Heart of Danger
“You’ve got quite a setup here, Mac.”
He stopped smiling, met her eyes. “Yes. We do. We’ve got a lot of people we want to protect. We want to keep this community safe.”
She stopped smiling, too. “And you think trying to rescue Nine will put them at risk. I understand that.”
“There’s no ‘try’ involved,” Mac said. “If we go in, we rescue him. But a lot of things can go wrong and there’s the possibility he’s not there, the possibility that you read him wrong. The possibility it’s a trap.” He took in a deep breath, that broad chest expanding. “No, don’t say it.” He put a finger across her lips. “I know—and Nick and Jon know—you would never deliberately lead us into a trap, but there’s a lot we don’t know about the situation.”
She kissed his finger, pulled his hand down from her mouth and held it. Felt his determination, felt his warring instincts—a desire to rescue a hurt comrade versus a desire to keep his people safe—felt honor and pride and dread. He wouldn’t be her Mac if he didn’t feel all those things.
“Are you guys still planning how to do it?”
“Oh yeah. We’re not rushing into anything without doing a full recon. Jon’s got drones flying overhead and Nick’s analyzing the results. Jon’s checking their computer systems with the codes you gave him. We’ll go down at the new moon and do a thorough check of the terrain, and when our plan is solid, we’ll go.”
She was going with them but it wasn’t the time or the place to say that.
She reached up, kissed the side of that hard mouth. “My money’s on you guys.”
Chapter Thirteen
January 8
Tired and pissed, Mac entered his quarters the next afternoon, hoping but not expecting and ah . . . there she was.
It had been a long, hard, frustrating day. Two drones went belly-up, and since they were urgently needed for the Millon recon, Jon and Nick had slipped over into Nevada to steal two of them from Nellis. They had walked onto the base in full uniform with fake ID, caught the codes for two drones, remotely flew them out, and drove back out of the base, calm as could be.

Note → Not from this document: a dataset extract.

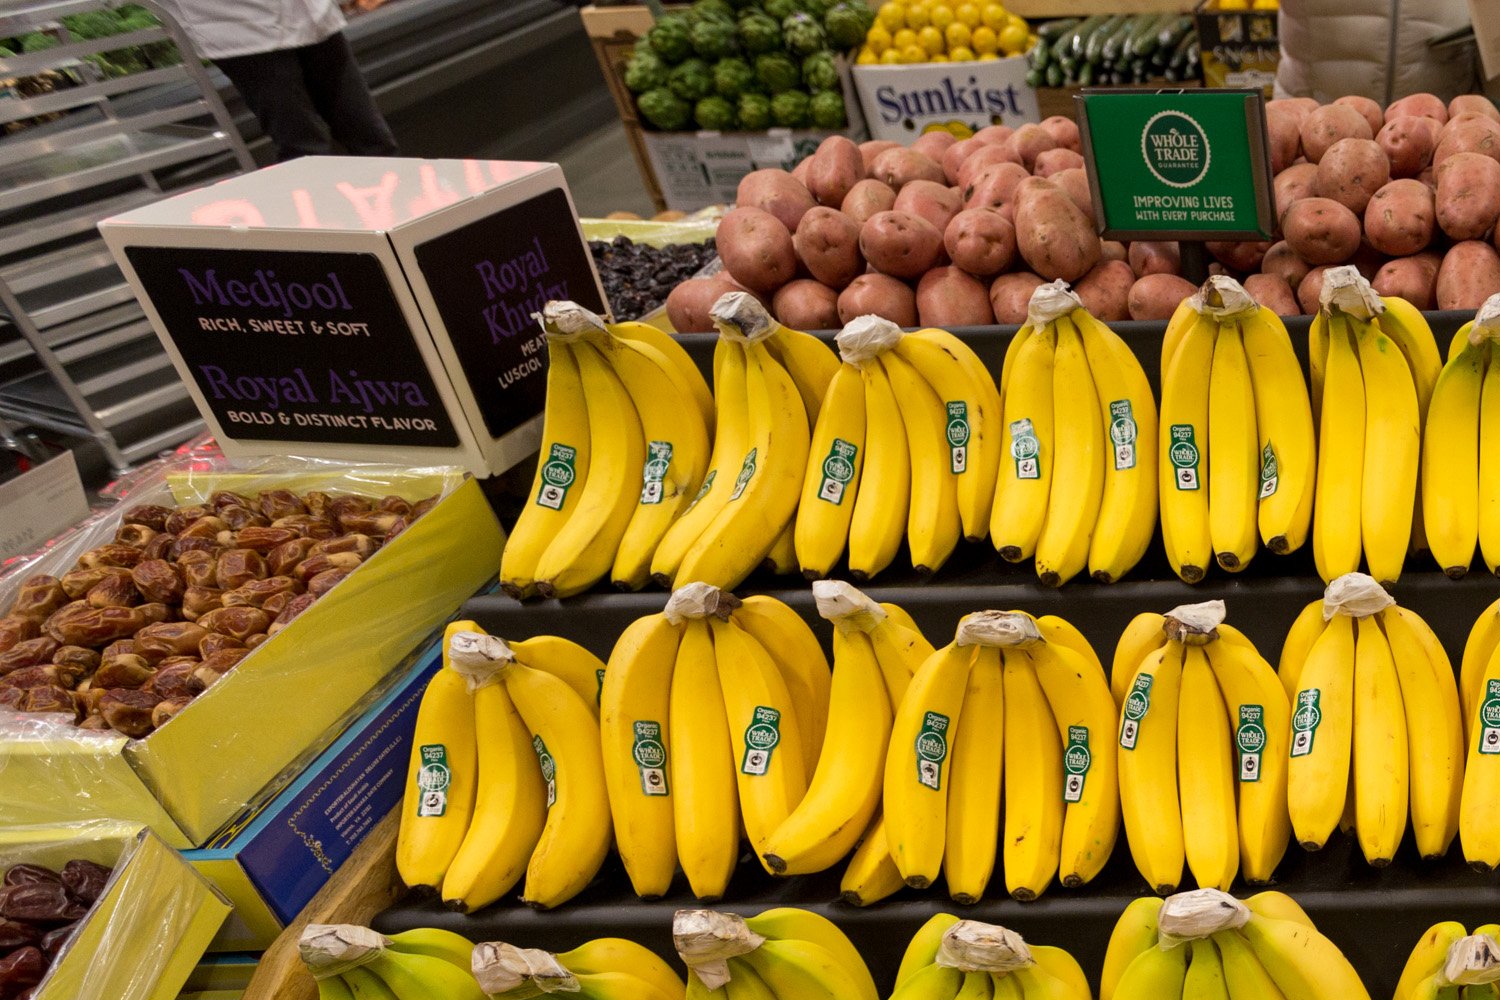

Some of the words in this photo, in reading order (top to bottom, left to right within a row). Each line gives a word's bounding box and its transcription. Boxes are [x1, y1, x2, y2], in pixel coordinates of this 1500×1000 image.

But it had taken them, door to door, twelve hours.
In the meantime, Mac had been stuck here doing his mayor/king thing, okaying Dane’s request for a hundred miles of micro-steel water pipeline, Pat and Salvatore’s request for a robosurgeon for minor surgery, Manuel’s request for an experimental square-mile hydroponics bed and listening to a two-hour lecture by Stella on How Not to Fuck Up with Catherine.
One goddamned thing after another, when all he wanted was to spend time with Catherine. Possibly fucking her, without fucking it up.
He’d glimpsed sightings of her from afar, like some unicorn. Coming out of the kitchens as he talked with Dane, she was in the infirmary almost all day and had just left when Pat and Salvatore called him in, somehow she was always just out of his reach.
She’d just finished lunch when he finally made it to the communal eating hall and hadn’t had dinner yet. He’d just checked.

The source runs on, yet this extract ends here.